Each entry below must be repeated exactly, with pictures left out.

========

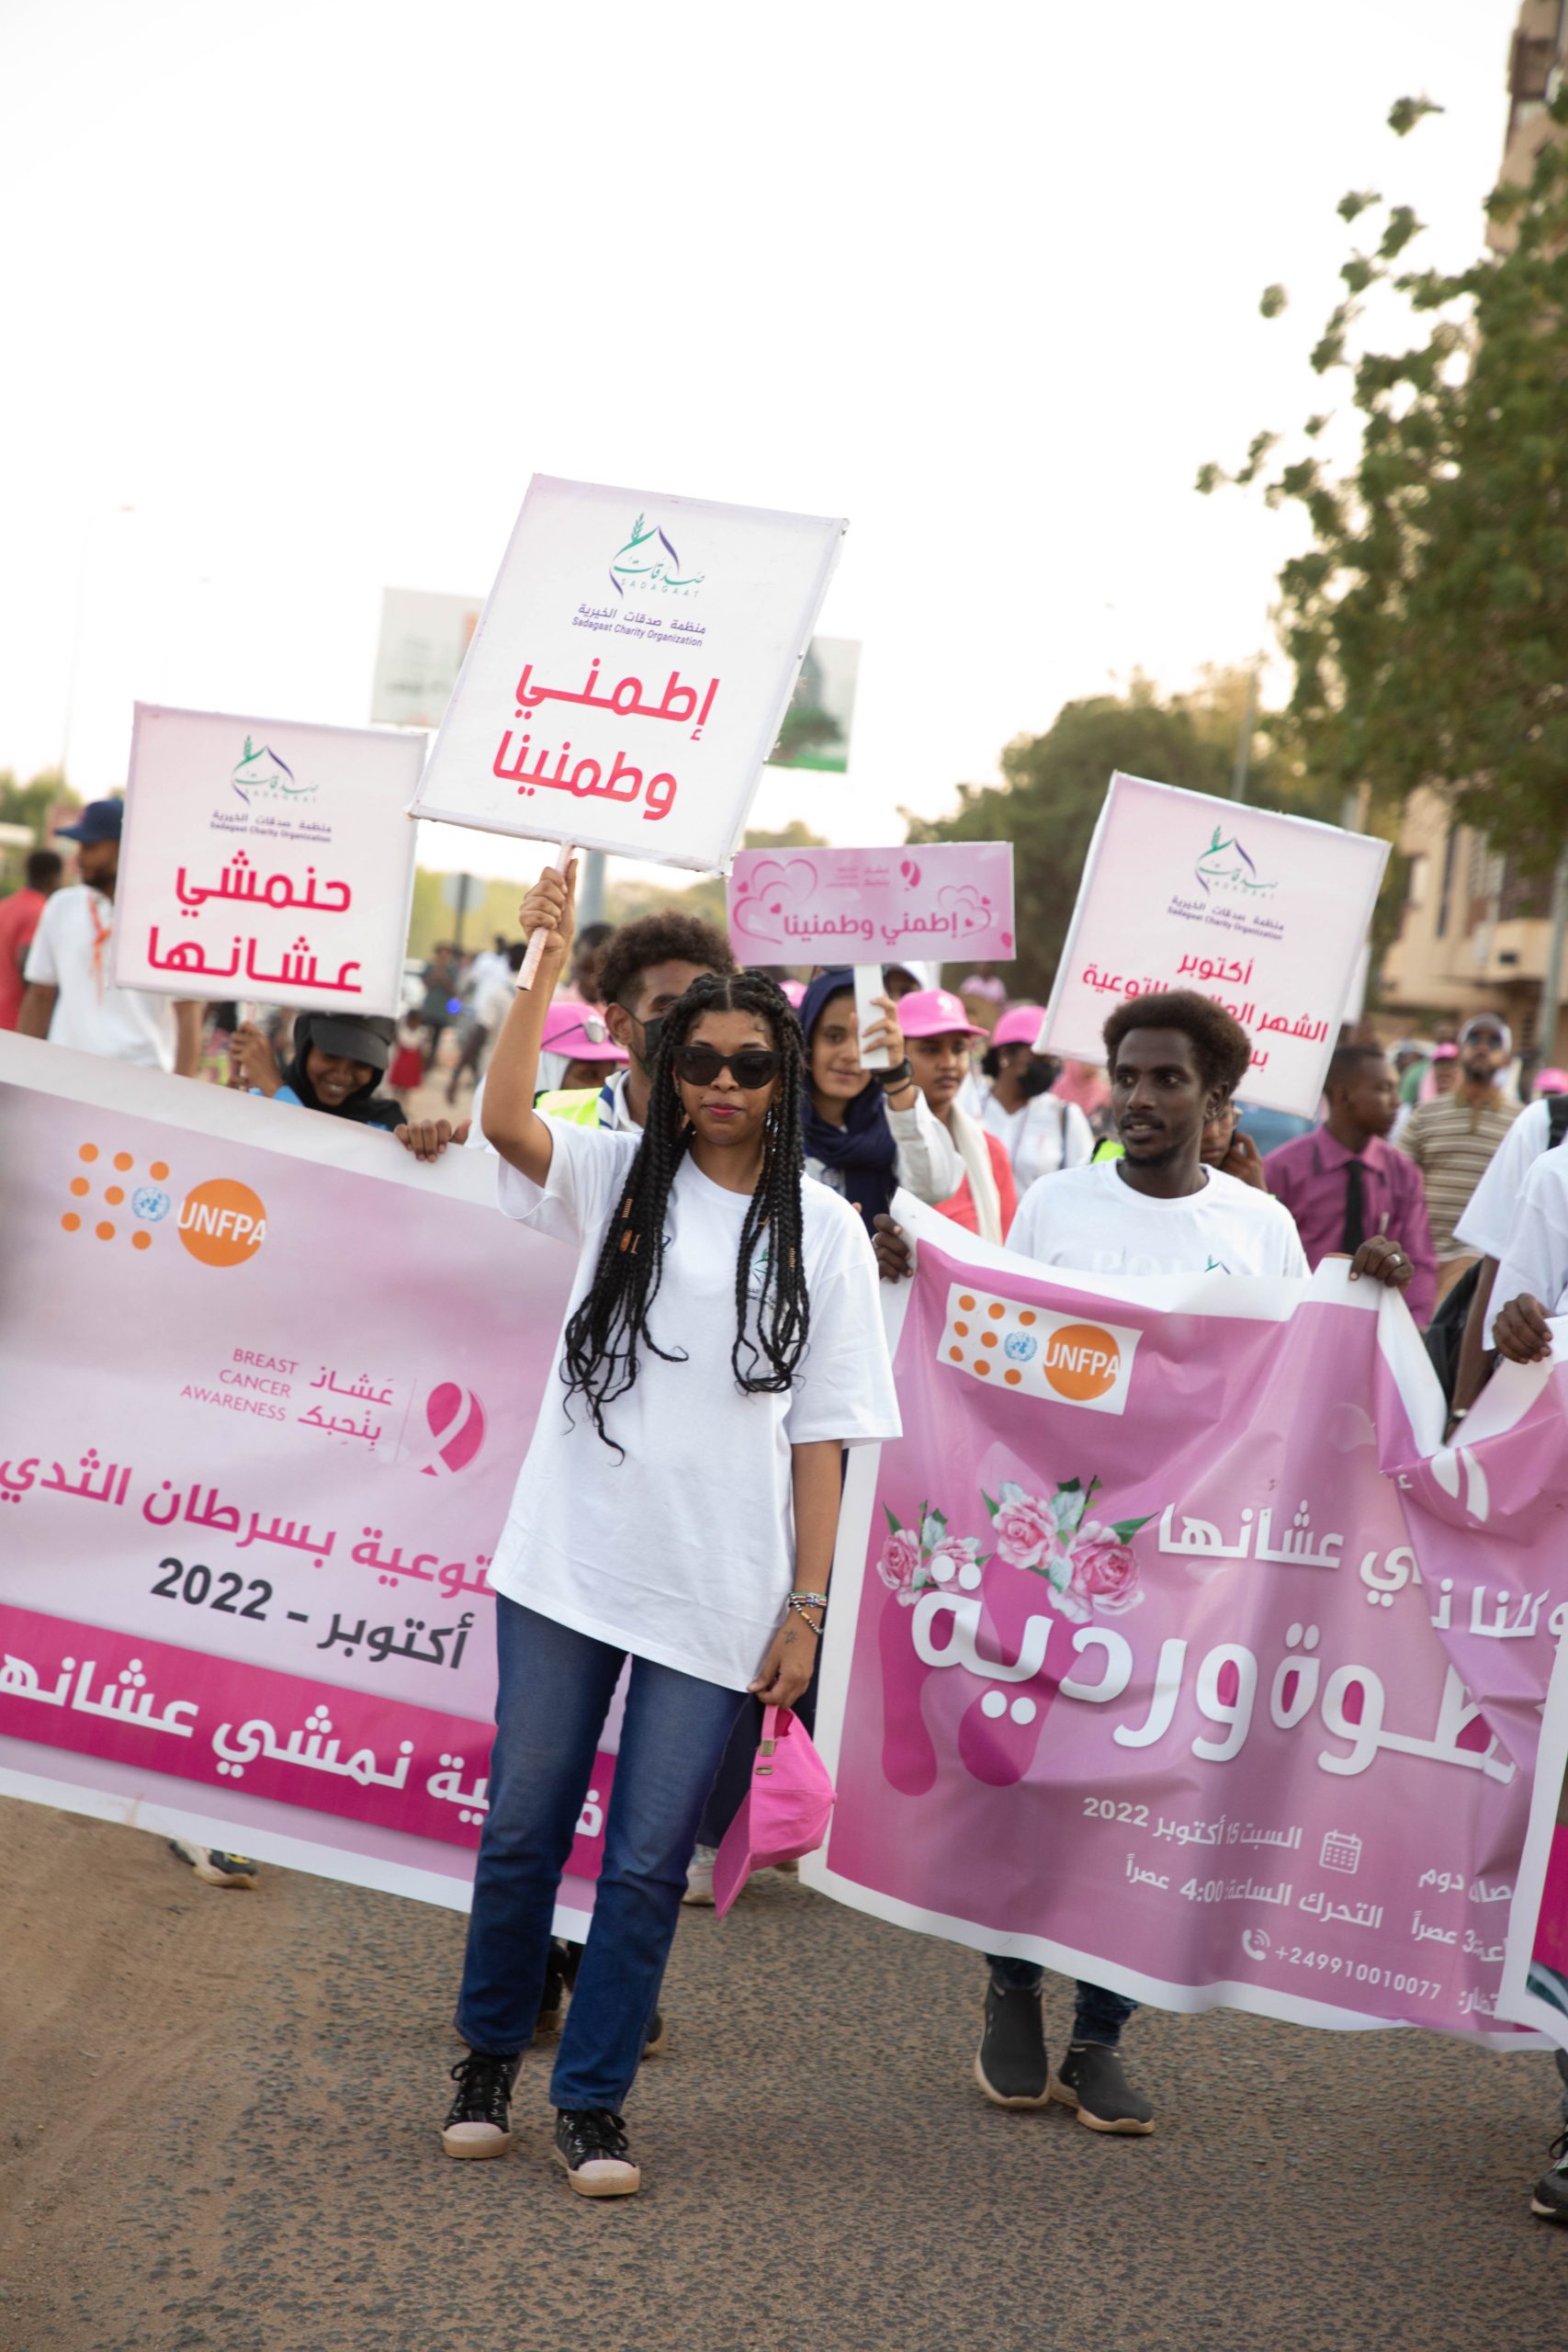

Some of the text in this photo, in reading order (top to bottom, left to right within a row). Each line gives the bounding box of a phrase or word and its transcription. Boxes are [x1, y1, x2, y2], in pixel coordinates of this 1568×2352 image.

[571, 616, 704, 647] Sadagaat Charity Organization
[578, 604, 706, 634] منظمة صدقات الخيرية
[515, 657, 720, 741] إطمني
[492, 730, 678, 820] وطمنينا
[175, 850, 352, 918] حنمشي
[783, 911, 957, 945] إطمني وطمنينا
[148, 926, 362, 993] عشانها
[1177, 954, 1255, 985] أكتوبر
[1256, 1012, 1329, 1044] الشهر
[176, 1199, 267, 1247] UNFPA
[232, 1348, 299, 1375] BREAST
[1043, 1342, 1121, 1378] UNFPA
[219, 1369, 291, 1399] CANCER
[180, 1385, 287, 1421] AWARENESS
[0, 1448, 497, 1600] توعية بسرطان الثدي
[1157, 1499, 1344, 1568] عشانها
[150, 1557, 274, 1622] 2022
[316, 1611, 476, 1669] أكتوبر
[911, 1555, 1258, 1762] وردية
[0, 1654, 199, 1738] عشانه
[211, 1705, 414, 1790] نمشي
[1082, 1797, 1150, 1827] 2022
[1153, 1815, 1227, 1846] أكتوبر
[1239, 1822, 1303, 1849] السبت
[1418, 1869, 1465, 1893] دوم
[1299, 1892, 1384, 1929] التحرك
[1274, 1945, 1442, 2001] +249910010077

========

▶ **RESULT OF THIS TASK**
Some of the text in this photo, in reading order (top to bottom, left to right within a row). Each line gives the bounding box of a phrase or word and its transcription. Boxes are [x1, y1, x2, y2], in pixel coordinates of this 1568×2352 image.

[571, 616, 704, 647] Sadagaat Charity Organization
[578, 604, 706, 634] منظمة صدقات الخيرية
[515, 657, 720, 741] إطمني
[492, 730, 678, 820] وطمنينا
[175, 850, 352, 918] حنمشي
[783, 911, 957, 945] إطمني وطمنينا
[148, 926, 362, 993] عشانها
[1177, 954, 1255, 985] أكتوبر
[1256, 1012, 1329, 1044] الشهر
[176, 1199, 267, 1247] UNFPA
[232, 1348, 299, 1375] BREAST
[1043, 1342, 1121, 1378] UNFPA
[219, 1369, 291, 1399] CANCER
[180, 1385, 287, 1421] AWARENESS
[0, 1448, 497, 1600] توعية بسرطان الثدي
[1157, 1499, 1344, 1568] عشانها
[150, 1557, 274, 1622] 2022
[316, 1611, 476, 1669] أكتوبر
[911, 1555, 1258, 1762] وردية
[0, 1654, 199, 1738] عشانه
[211, 1705, 414, 1790] نمشي
[1082, 1797, 1150, 1827] 2022
[1153, 1815, 1227, 1846] أكتوبر
[1239, 1822, 1303, 1849] السبت
[1418, 1869, 1465, 1893] دوم
[1299, 1892, 1384, 1929] التحرك
[1274, 1945, 1442, 2001] +249910010077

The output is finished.